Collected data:
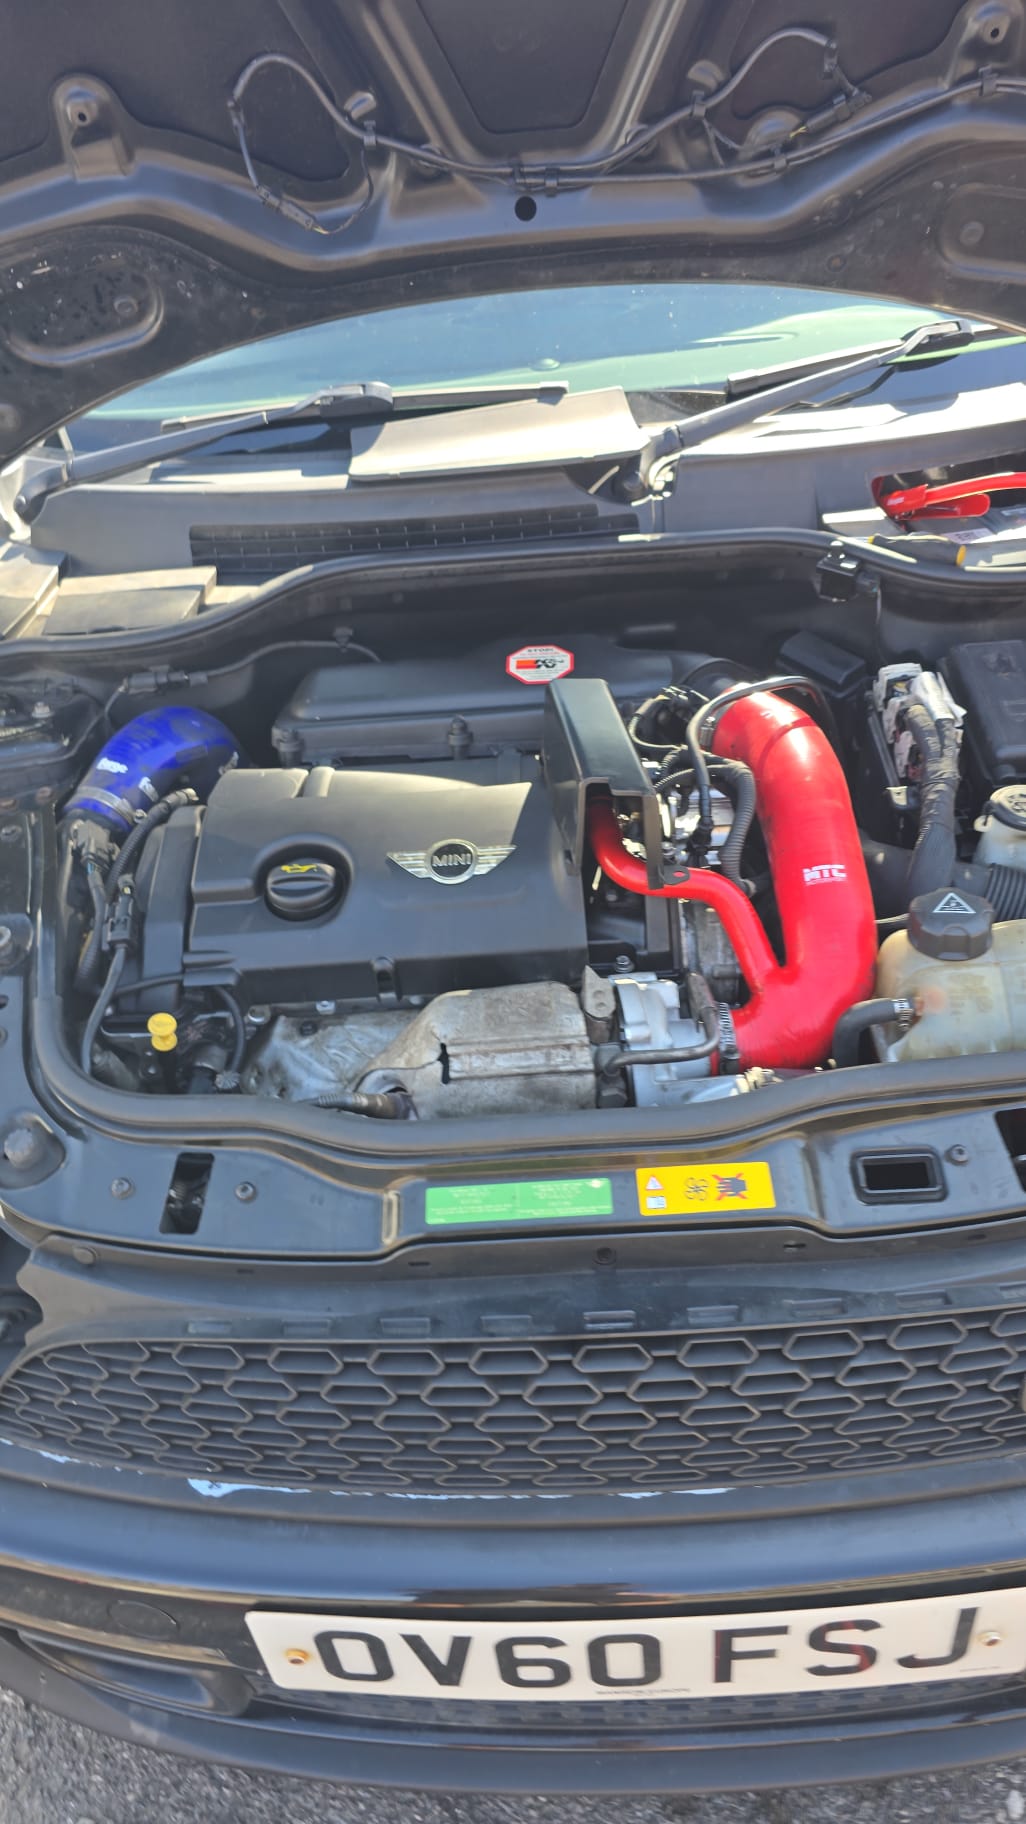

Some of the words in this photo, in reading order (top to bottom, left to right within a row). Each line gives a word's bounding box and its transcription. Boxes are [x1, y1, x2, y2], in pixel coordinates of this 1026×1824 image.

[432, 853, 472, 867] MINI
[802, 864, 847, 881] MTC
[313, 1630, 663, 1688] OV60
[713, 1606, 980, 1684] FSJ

— Your assignment —
Since only the text is wanted, repeat all the records above exactly and omit the pictures.

— Written solution —
Some of the words in this photo, in reading order (top to bottom, left to right within a row). Each line gives a word's bounding box and its transcription. Boxes are [x1, y1, x2, y2], in pixel coordinates of this 1026×1824 image.

[432, 853, 472, 867] MINI
[802, 864, 847, 881] MTC
[313, 1630, 663, 1688] OV60
[713, 1606, 980, 1684] FSJ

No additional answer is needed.